The network density measures the proportion of all possible ties present in a network and used as proxy of social cohesiveness (Bodin and Crona, 2009). Density is calculated by dividing the number of existing connections in the structure by the maximum number of possible connections (Scott, 2015).
D =\(\frac{l}{n(n-1)/2}\)
Where: D denotes density
l = maximum number of links
n= number of actors
The network structures in which all actors are completely connected have a density of 1 reflecting strong cohesiveness in the network structures and effective governance. However, the existence of subgroup in the network may mislead the interpretation of the whole network and the existence of various subsets of actors should be considered (Sandström and Rova, 2010). In our case, the data were clustered into 6 subgroups based on the main organizational goals and governance scales and the density of subgroup structures were examined.
To identify actors’ structural position, or coordinating actors that would otherwise have limited or no connections, parameters of the network centrality was analyzed. Network centrality measures how central or well-connected an actor in a network (Sandström and Rova, 2010). It also describes the patterns of power relation and how much an actor has access to the resources in the network (Dkamela et al., 2014; Angst et al., 2018). For the present study, from various versions of centrality parameters, degree centrality and betweenness centrality were considered.
Degree centrality measures the numbers of direct links to and from an actor (Sandström and Rova, 2010). Degree centrality parameter helps to visualize how tightly the network is organized around its most central point or how ‘star-like’ the network structure is (Bodin and Crona, 2009; Sandström and Rova, 2010; Scott, 2015). A high degree of centrality is interpreted as well-connected network structures (Sandström and Rova, 2010). In related front, to identify potential bridging actors within identified clusters, betweenness centrality scores were calculated for each actor in the network. Betweenness is the number of shortest paths from all nodes (actors) to all others that pass through one specific node (actor) (Dkamela et al., 2014).

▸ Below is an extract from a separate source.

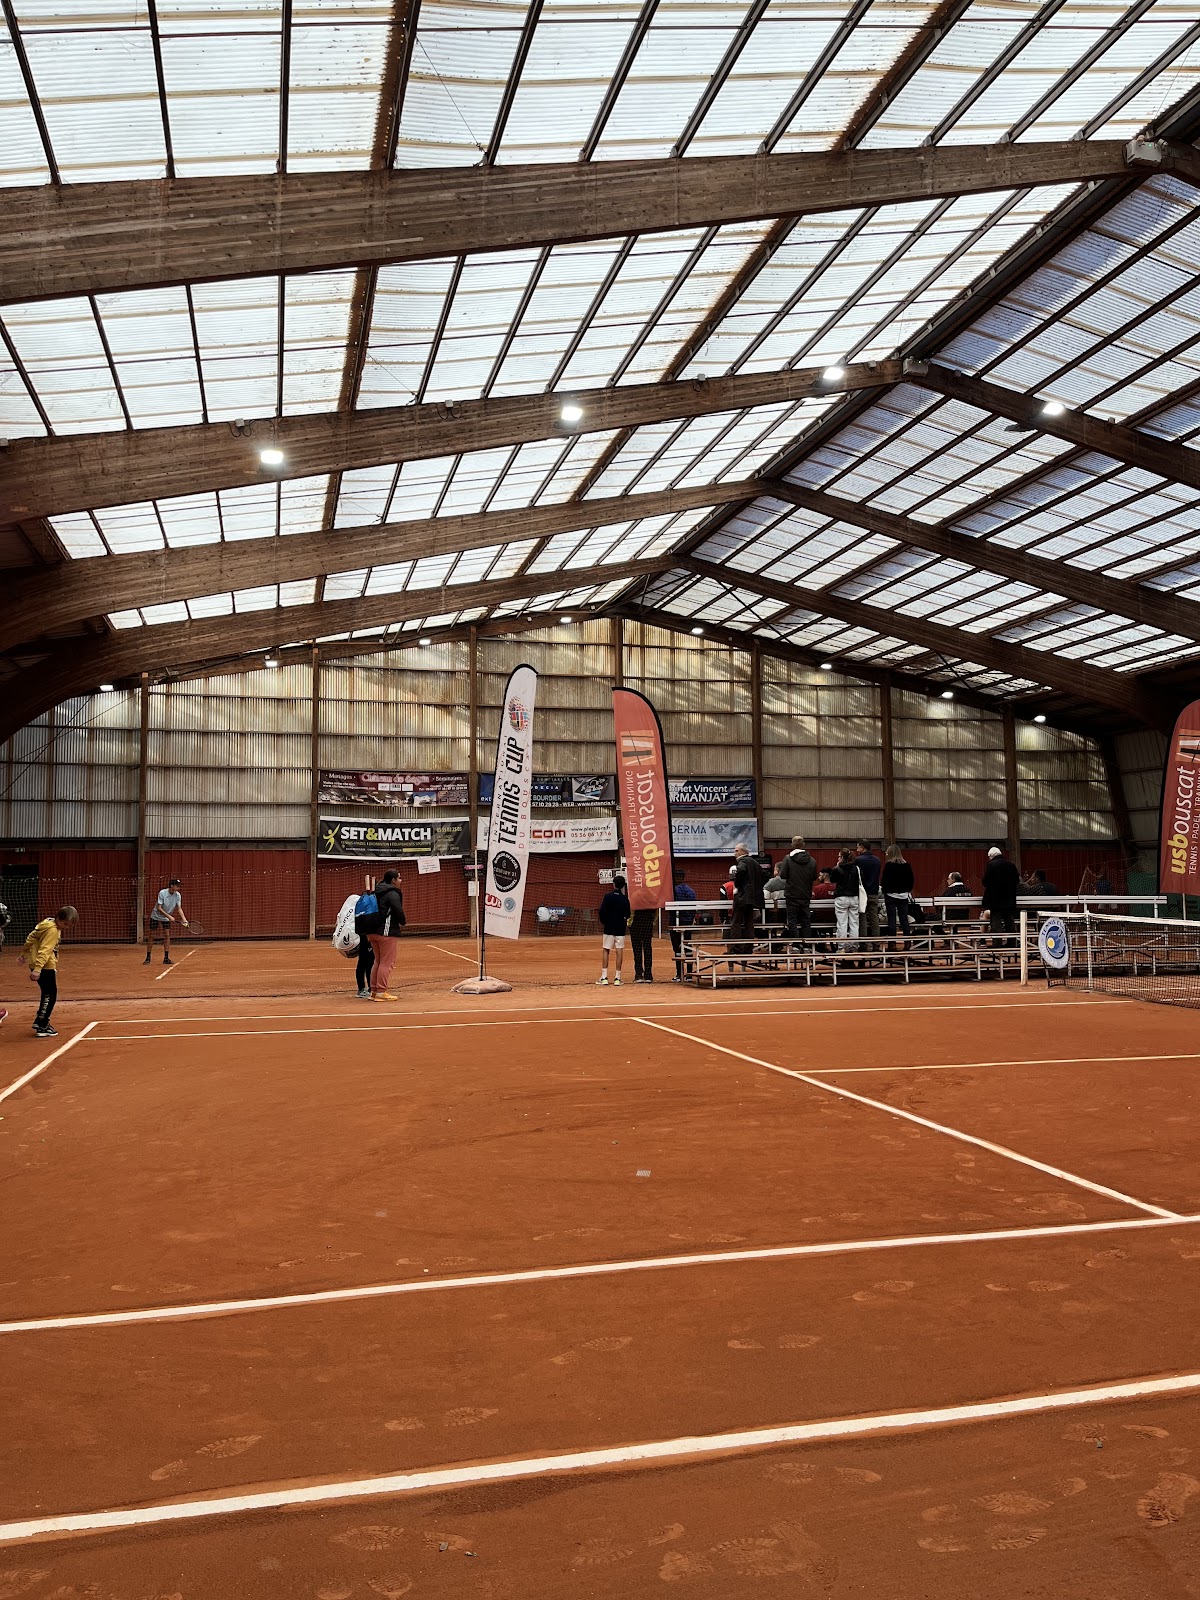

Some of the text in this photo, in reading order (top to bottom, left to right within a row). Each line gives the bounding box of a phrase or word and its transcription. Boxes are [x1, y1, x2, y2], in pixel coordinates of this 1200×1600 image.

Betweenness centrality helps to quantify how much each actor contributes to minimizing the distance between actors in the network (Bodin et al., 2006). It measures an actor bridging position with respect to other two actors in the network. It is the probability of an actor being on the shortest path between two points, reflecting how often a node lies on a shortest path between any two nodes in the network (Angst et al., 2018). To put it another way, betweenness centrality refers the number of times an actor located between two other actors who are disconnected. An actor with high betweenness centrality is considered to have a great influence over the course of interactions, hence affect how rangeland resources governance system delivers governance assets (Hanneman and Riddle, 2005).

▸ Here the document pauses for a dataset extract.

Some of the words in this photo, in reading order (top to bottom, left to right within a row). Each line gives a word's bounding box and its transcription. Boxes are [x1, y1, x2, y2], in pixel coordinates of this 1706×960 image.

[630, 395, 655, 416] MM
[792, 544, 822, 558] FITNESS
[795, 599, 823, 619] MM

To identify actors playing great role in connecting actors out of the clusters, following Vance-Borland and Holley (2011), we calculated brokerage scores. All network metrics used to describe the characteristics of the governance networks were calculated using UCINET version 6.591(Borgatti et al., 2002). In order to analysis the network structure, the data were transformed into binary network measures (1 for presence of collaboration and 0 for absence of collaborative relationship). To depict actors’ relationship visually, NetDraw software was employed.